Methodology
We aggregate public review data from platforms such as Google, TripAdvisor, and Yelp via a multi-source API, ingesting continuously and snapping everything to monthly windows. Listings are matched to real businesses using name, address, and category signals; duplicates and closed venues are removed to protect panel integrity.
Every review passes spam and anomaly checks that include burst detection, reviewer history scoring, language verification, and platform cross-validation. We run NLP to identify intent and experience dimensions, map native 0–10 recommendation answers directly when present, and otherwise infer promoter, passive, and detractor classes from text and rating context with calibrated thresholds. For each industry and geography, NPS is computed as promoters minus detractors, with Bayesian smoothing to stabilize low-volume samples and confidence ranges published alongside the point estimate.
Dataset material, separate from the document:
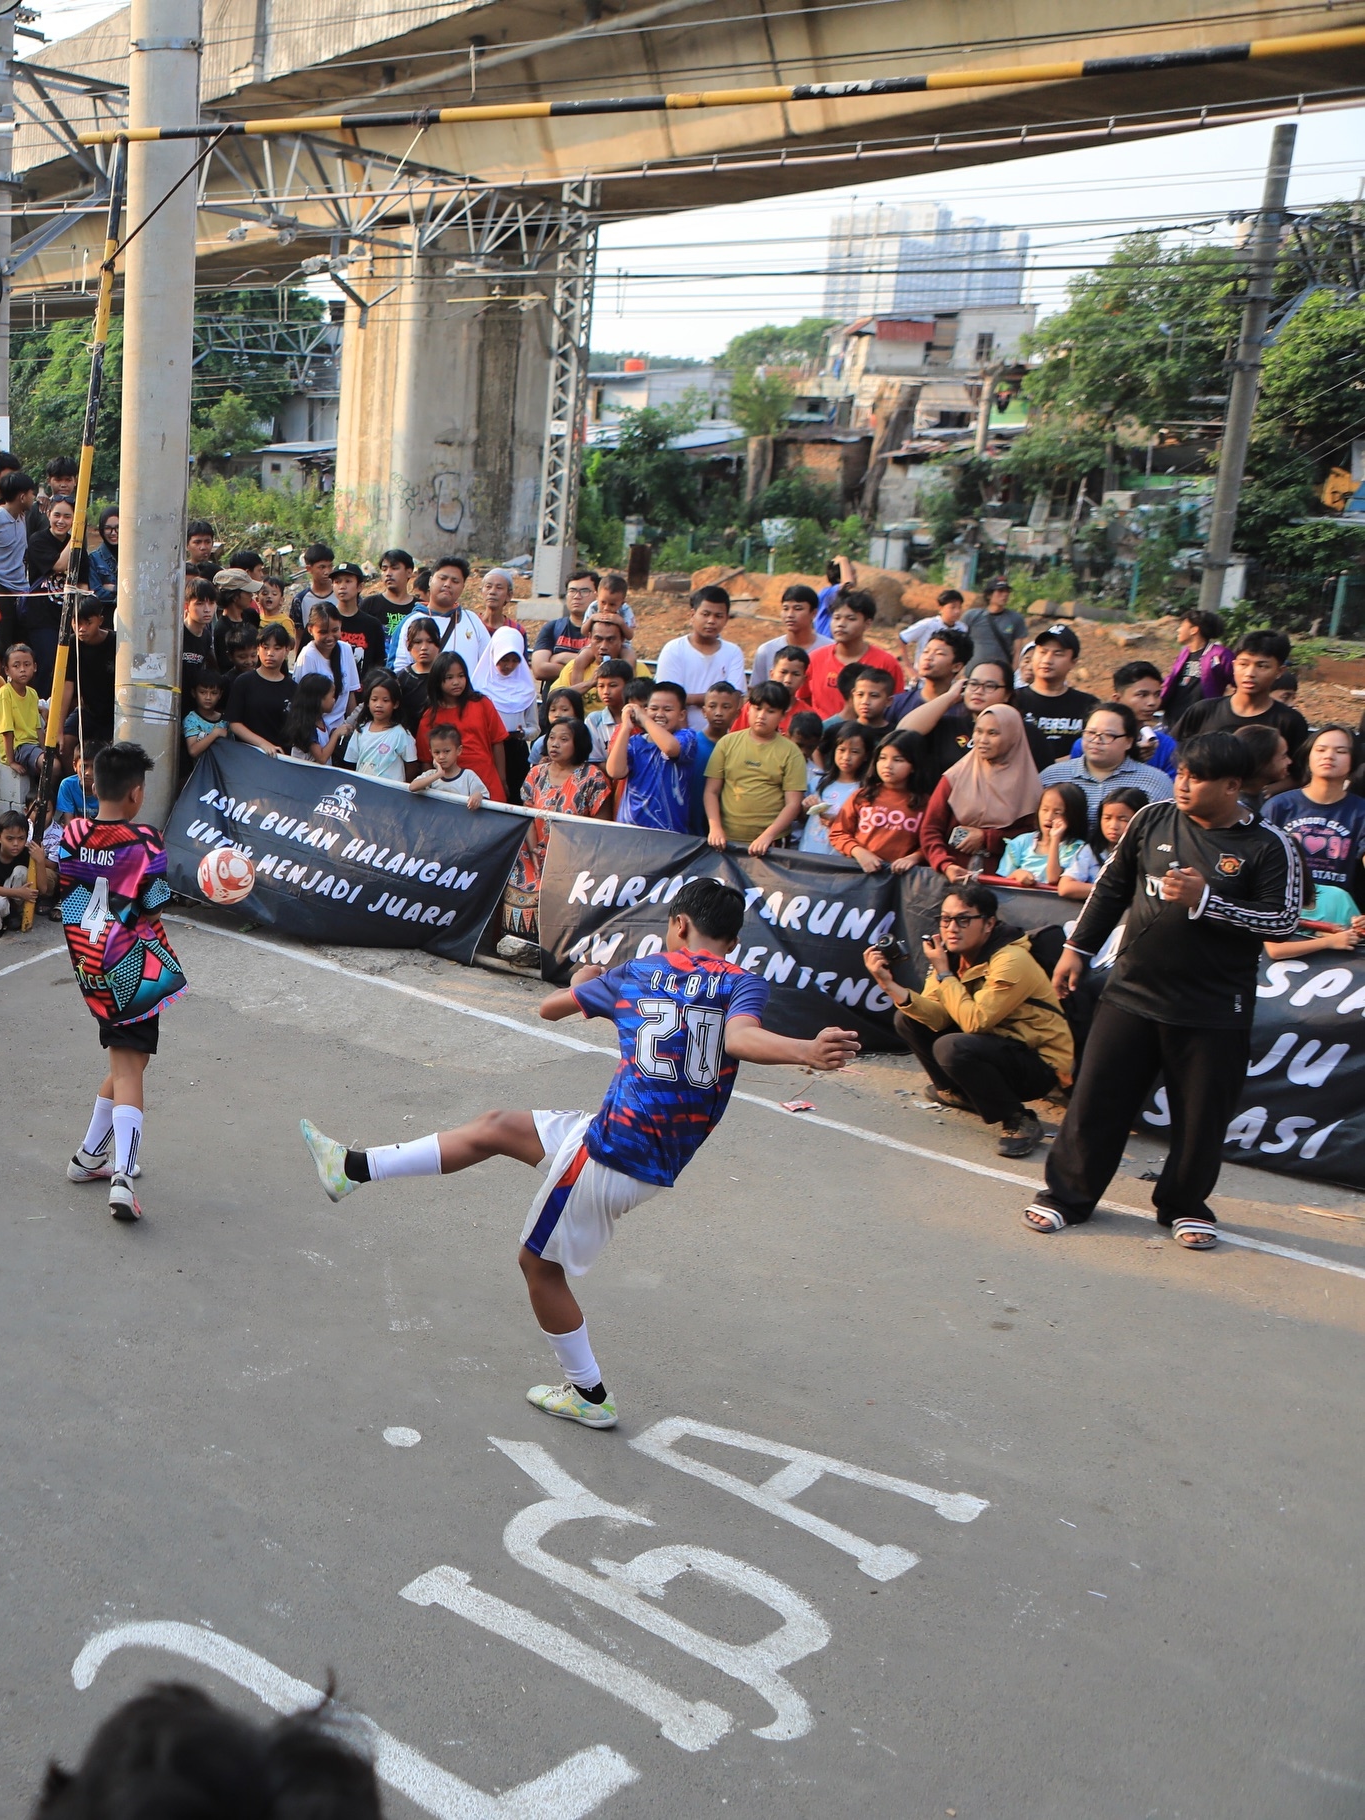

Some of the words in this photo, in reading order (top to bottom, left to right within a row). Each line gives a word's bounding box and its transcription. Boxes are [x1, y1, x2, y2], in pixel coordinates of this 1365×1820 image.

We normalize categories to a unified industry taxonomy, align time zones, standardize language, and apply weighting so large markets do not overpower smaller ones within a region. Monthly values are reported as exact snapshots, and a rolling three-month view clarifies trend direction while preserving month-to-month comparability. We publish a monthly NPS only when minimum sample size and coverage criteria are met, with methods, thresholds, and known limitations disclosed in the report's technical notes.
Finally, models and pipelines are audited continuously with backtests and drift checks, and any detected bias or source change triggers a documented review and re-calibration.